I now treat Moose as family. Point a to point b!
The Saved Quarter says
I don’t have a car buying addiction, and in fact drive my cars into the ground. I’ve had 3 cars in 17 years of driving! But we’re currently shopping for a minivan and your thoughts definitely help me regain perspective – the nice new shiny just isn’t worth the depreciation!
Financial Samurai says
What’s the mini van for Denise?! Baby or two on the way perhaps?? 🙂
Melissa@PersonalFinanceJourney says
I don’t have an addiction to cars, but I do get a bit antsy for a new car when my car turns over 100,000 miles. I drove beaters in high school and was stranded more than a few times when my car died (and this was before cell phones!). Now, our car is 7 years old and has 106,000 miles. It feels less reliable to me, so I begin to worry about breakdowns. However, with our finances, we will be keeping it for at least three more years. (It has been paid off for 3 years now.)
Financial Samurai says
Nah, 100,000 is just the mark auto mechanics try and make you afraid. It’s really an arbitrary number. Your car can go to 150,000 no problem. These days, cars are so much better built than in the 70’s and 80’s!
Dman5280 says
my 2005 mercedes e320 4matic has 173,000+ and still drives wonderfully. I bought it used in 2008. pay a little more upfront to get a reliable car/brand. Do all of the recommended maintenance and pass 100k will be no stress. For a German car, 100k is “broke in”, etc.
krantcents says
I love cars, but broke my addiction years ago. I think it was when I made my last payment. (12 years ago). After 17 years, I “want” a newer car. I hope to drive another 15 years and I do not think my cars will last that long. I already almost reached my goal of running my car (Honda) into the ground. NOt literally, the value is almost zero. I am going to figure it out in the next couple months.
Financial Samurai says
But what about that 1957 Ford Mustang with the rustic leather seats?? Only live once Larry!
JFP says
No such thing as a 1957 Ford Mustang!
John @ Married (with Debt) says
Being from a very rural area, cars and trucks are the big thing in high school and beyond. It is often a way to measure someone’s worth.

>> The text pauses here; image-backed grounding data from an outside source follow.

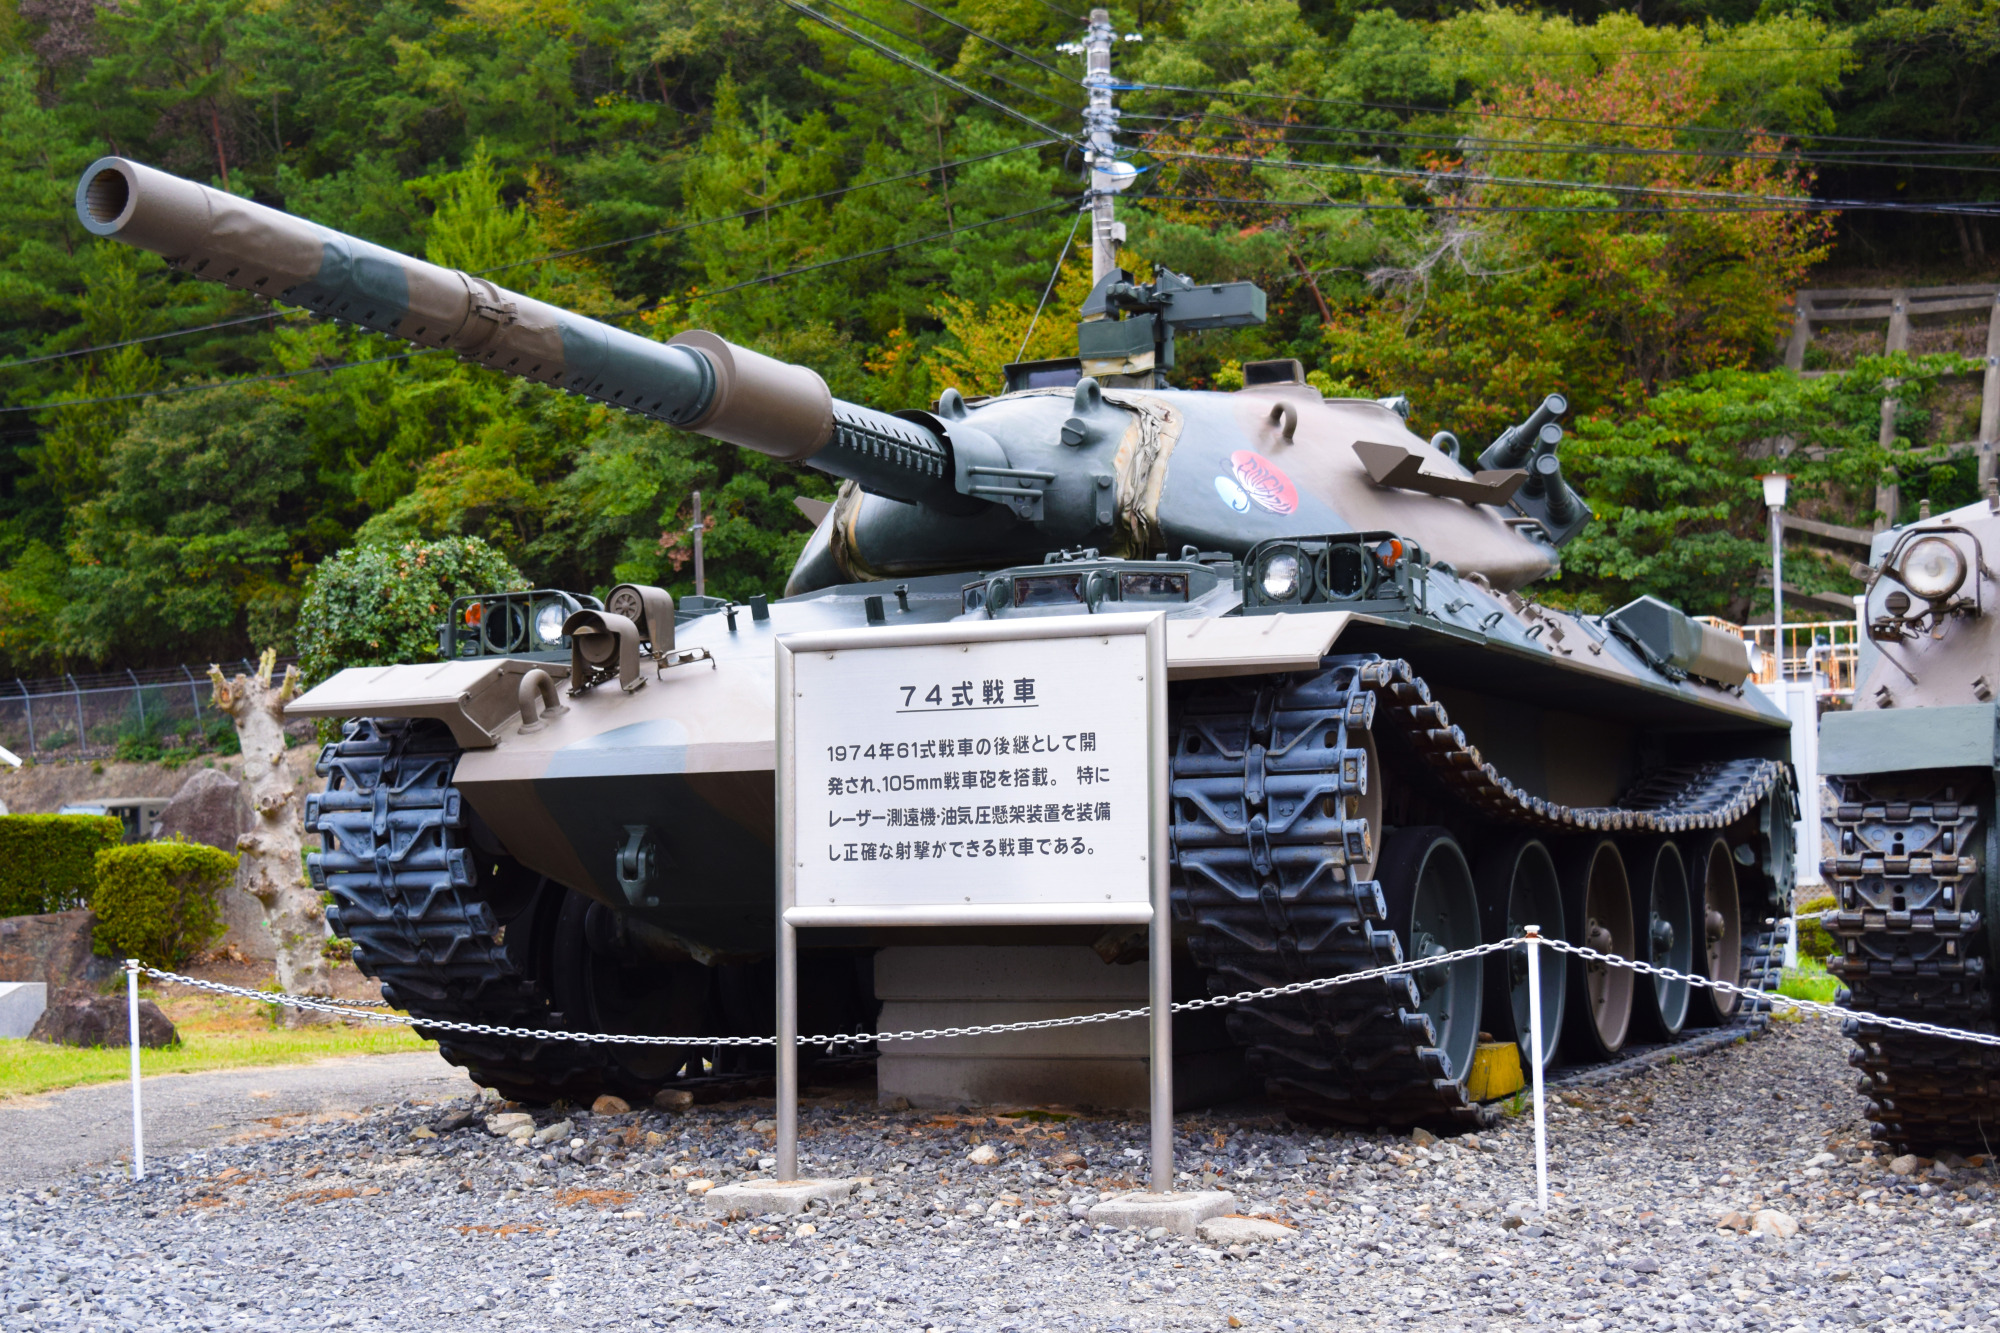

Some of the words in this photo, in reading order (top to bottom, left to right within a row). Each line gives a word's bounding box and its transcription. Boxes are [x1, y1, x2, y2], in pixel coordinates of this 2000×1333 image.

[899, 677, 1037, 707] 74式戦車
[827, 732, 1096, 762] 1974年61式戦車の後継として開
[828, 767, 1057, 796] 発され、105mm戦車砲を搭載。
[1076, 765, 1110, 785] 特に
[829, 836, 1094, 862] し正確な射撃ができる戦車である。

Yes, you live in a $20,000 trailer and drive a $45,000 truck.
I think new cars are the best way to turn a slow walk to the poorhouse into a quick drive.
Financial Samurai says
I can totally see how it’s a big thing in a rural area, b/c I don’t live in a rural area and I thought it was a big thing in my 20’s. I LOVE cars!

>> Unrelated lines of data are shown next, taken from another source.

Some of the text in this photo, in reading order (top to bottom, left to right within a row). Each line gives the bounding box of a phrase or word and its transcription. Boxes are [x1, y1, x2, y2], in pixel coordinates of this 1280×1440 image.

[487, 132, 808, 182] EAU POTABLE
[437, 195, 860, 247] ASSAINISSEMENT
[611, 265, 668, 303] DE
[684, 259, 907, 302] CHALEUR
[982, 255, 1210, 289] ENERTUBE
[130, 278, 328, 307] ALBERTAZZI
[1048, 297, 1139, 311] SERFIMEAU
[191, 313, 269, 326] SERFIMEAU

However, living in a $20,000 trailer and driving a $45,000 truck is financial suicide indeed.
MoneyCone says
Here’s how I got rid of my constant gadget upgrade addiction – I won’t upgrade till I manage to sell the one I have.
Financial Samurai says
I like that simple rule!
Rachel says
No car buying addiction here. I’ve purchased precisely 1 car. I had it built to my specifications (perk of working in auto industry baby). I will drive it until the wheels fall off. I just need to stay out of sports equipment and book stores. I don’t even let myself walk in unless it’s for a specific purpose. I rarely bring money into a book store unless it’s the cash that I saved just for that purpose.
Financial Samurai says
Oh wow, so that means you bought a new car? Did you follow my 1/10th rule of car buying by spending no more than 1/10th your gross income on a car?
Sydney says
Wow I can’t believe you bought 8 cars! Glad to hear you broke your addiction as that’s a really expensive one to have. Fortunately I don’t get excited at all when I think about new cars. I just want to be safe and not have to worry about breaking down and getting stranded.
I do like going to the auto shows and looking at all the classic cars and the racing cars though. I have no urge to buy or drive one but I think they’re really neat to look at. There’s something about Formula One and Nascar that fascinates me!
Financial Samurai says
Ah yes, the good ol days. Most guys I know what to go buy a car as soon as they graduate and get a job. It’s exhilarating! But, also financially foolish.
Fun times and I’m glad I cured the addiction.